Images for object localization
******

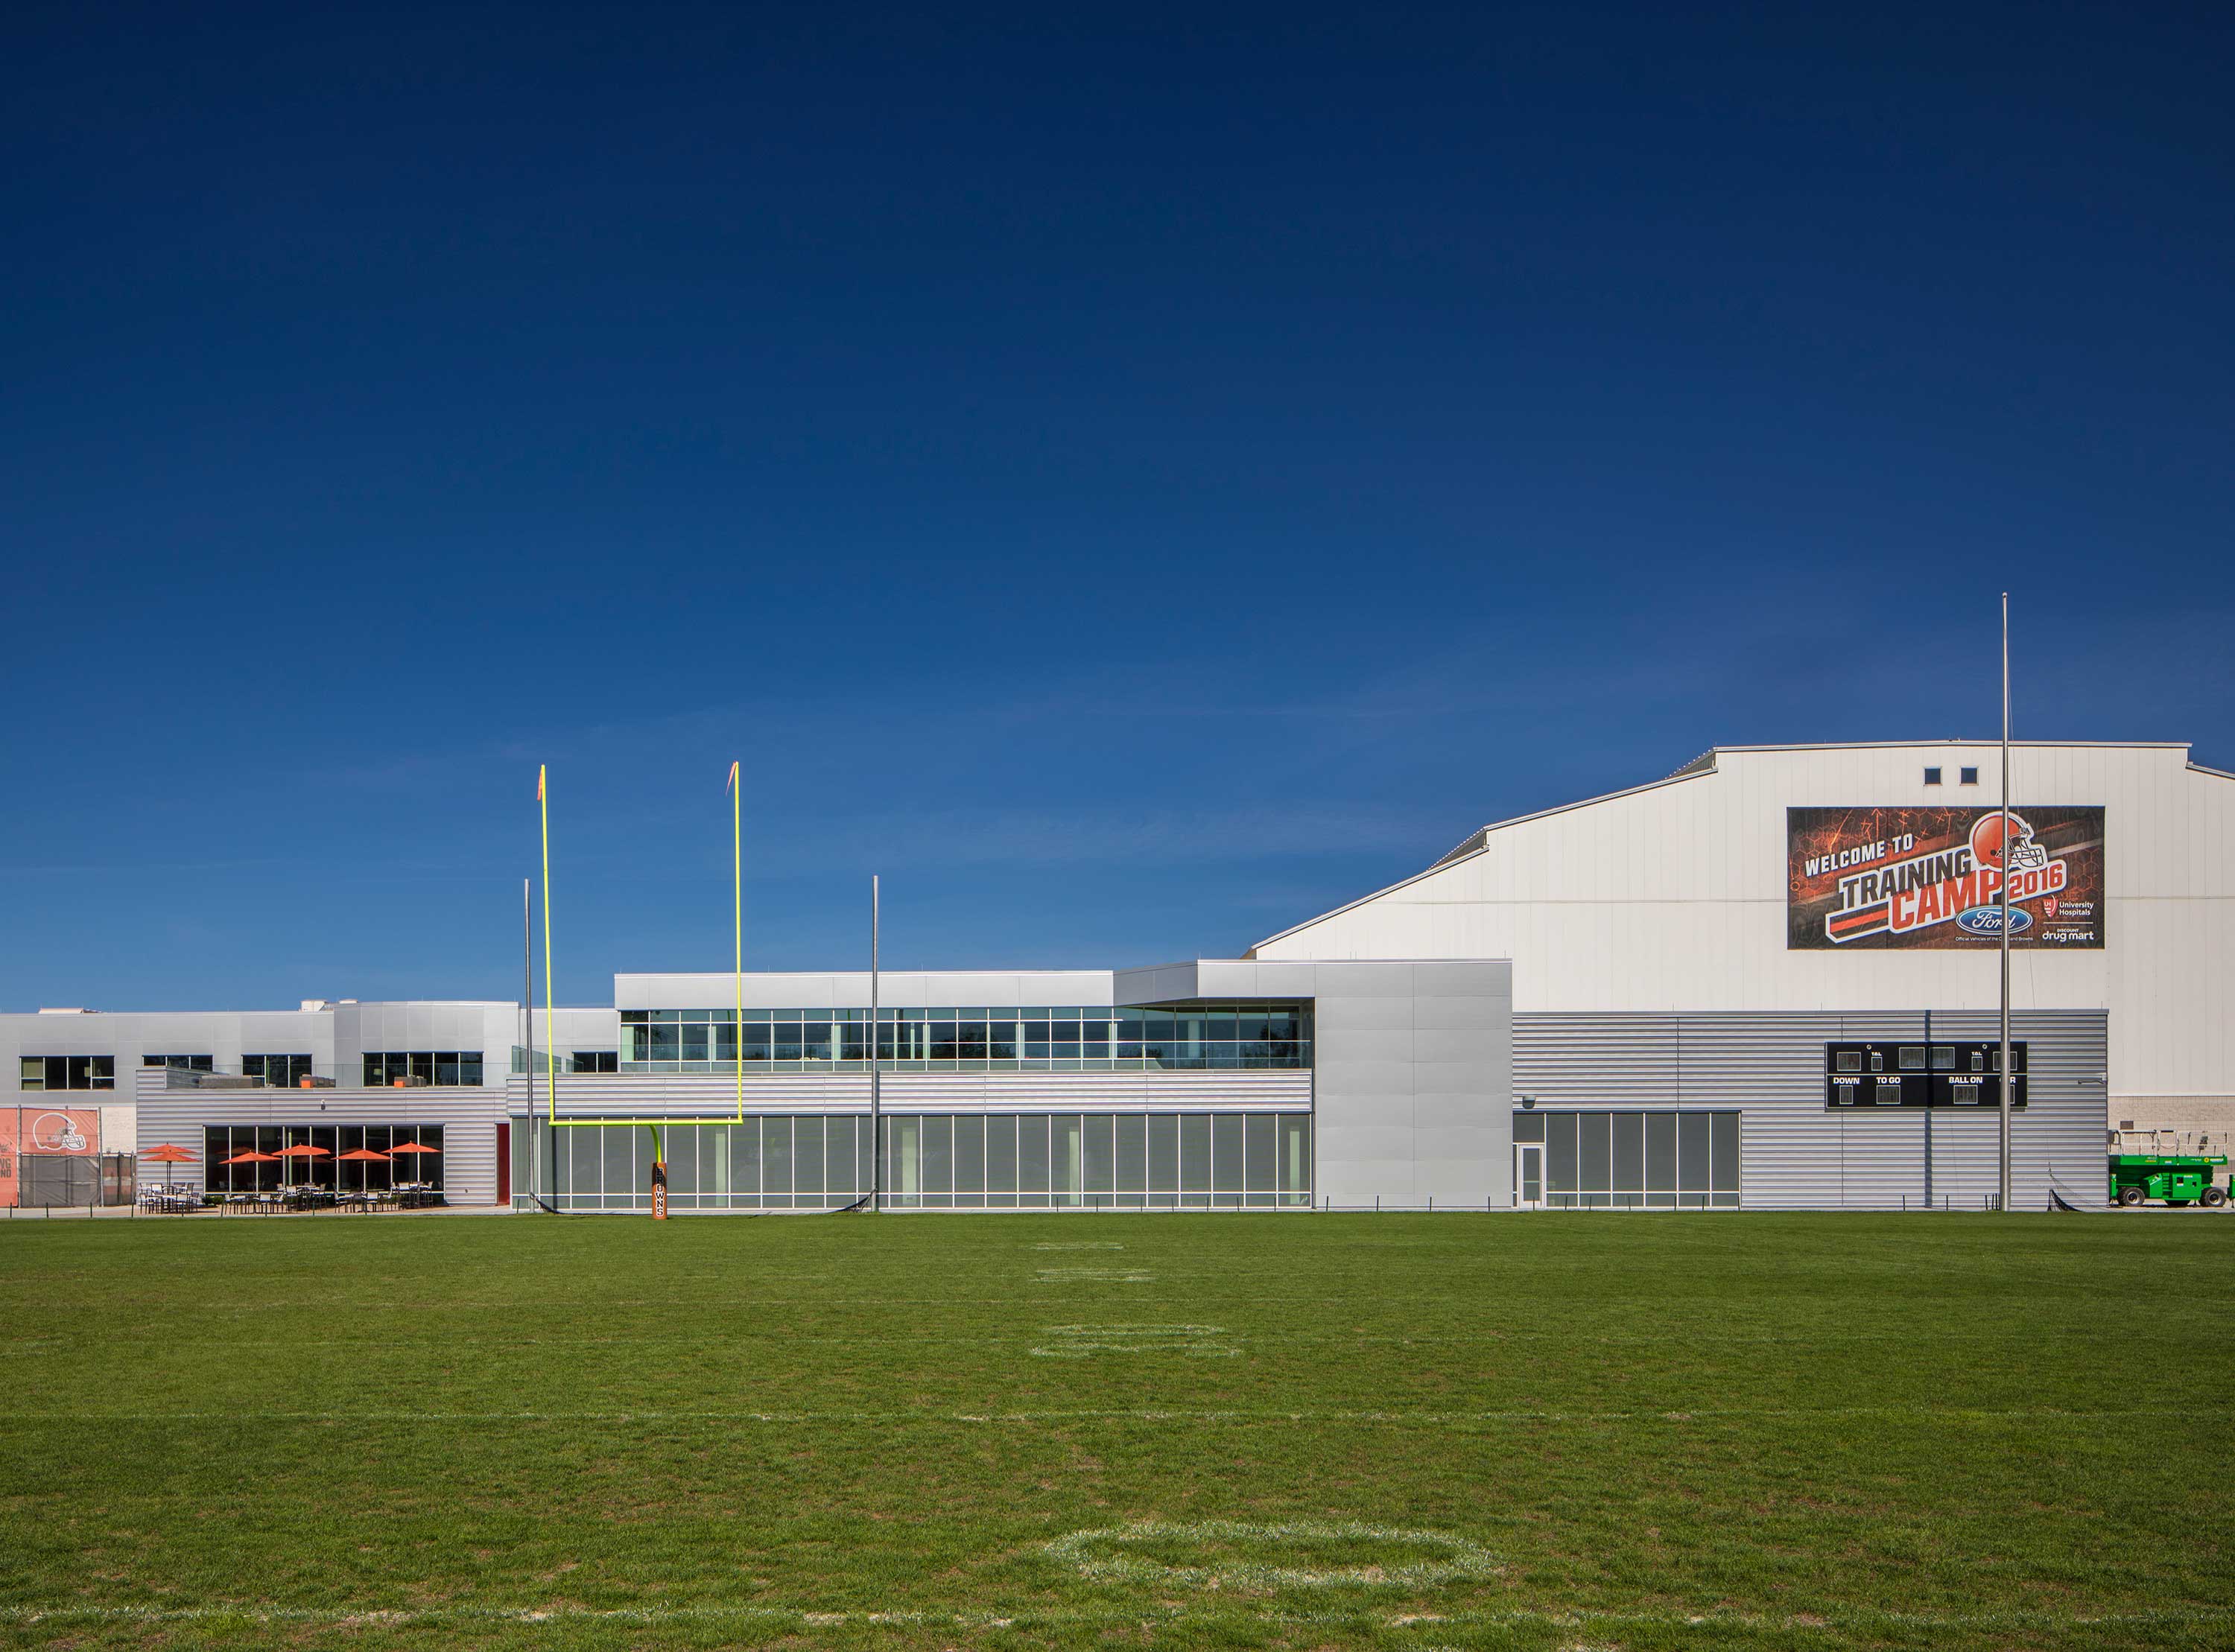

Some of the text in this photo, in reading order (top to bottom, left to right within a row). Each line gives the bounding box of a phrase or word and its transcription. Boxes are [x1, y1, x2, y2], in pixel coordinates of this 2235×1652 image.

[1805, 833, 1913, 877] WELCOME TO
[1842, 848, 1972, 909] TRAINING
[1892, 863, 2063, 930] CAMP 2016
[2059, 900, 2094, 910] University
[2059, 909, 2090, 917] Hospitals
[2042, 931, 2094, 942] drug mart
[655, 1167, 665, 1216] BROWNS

******

## EXERCISE:
Exactly as they stand, the entries must be written out again, pictures excluded.

## TASK SOLUTION:
Some of the text in this photo, in reading order (top to bottom, left to right within a row). Each line gives the bounding box of a phrase or word and its transcription. Boxes are [x1, y1, x2, y2], in pixel coordinates of this 2235×1652 image.

[1805, 833, 1913, 877] WELCOME TO
[1842, 848, 1972, 909] TRAINING
[1892, 863, 2063, 930] CAMP 2016
[2059, 900, 2094, 910] University
[2059, 909, 2090, 917] Hospitals
[2042, 931, 2094, 942] drug mart
[655, 1167, 665, 1216] BROWNS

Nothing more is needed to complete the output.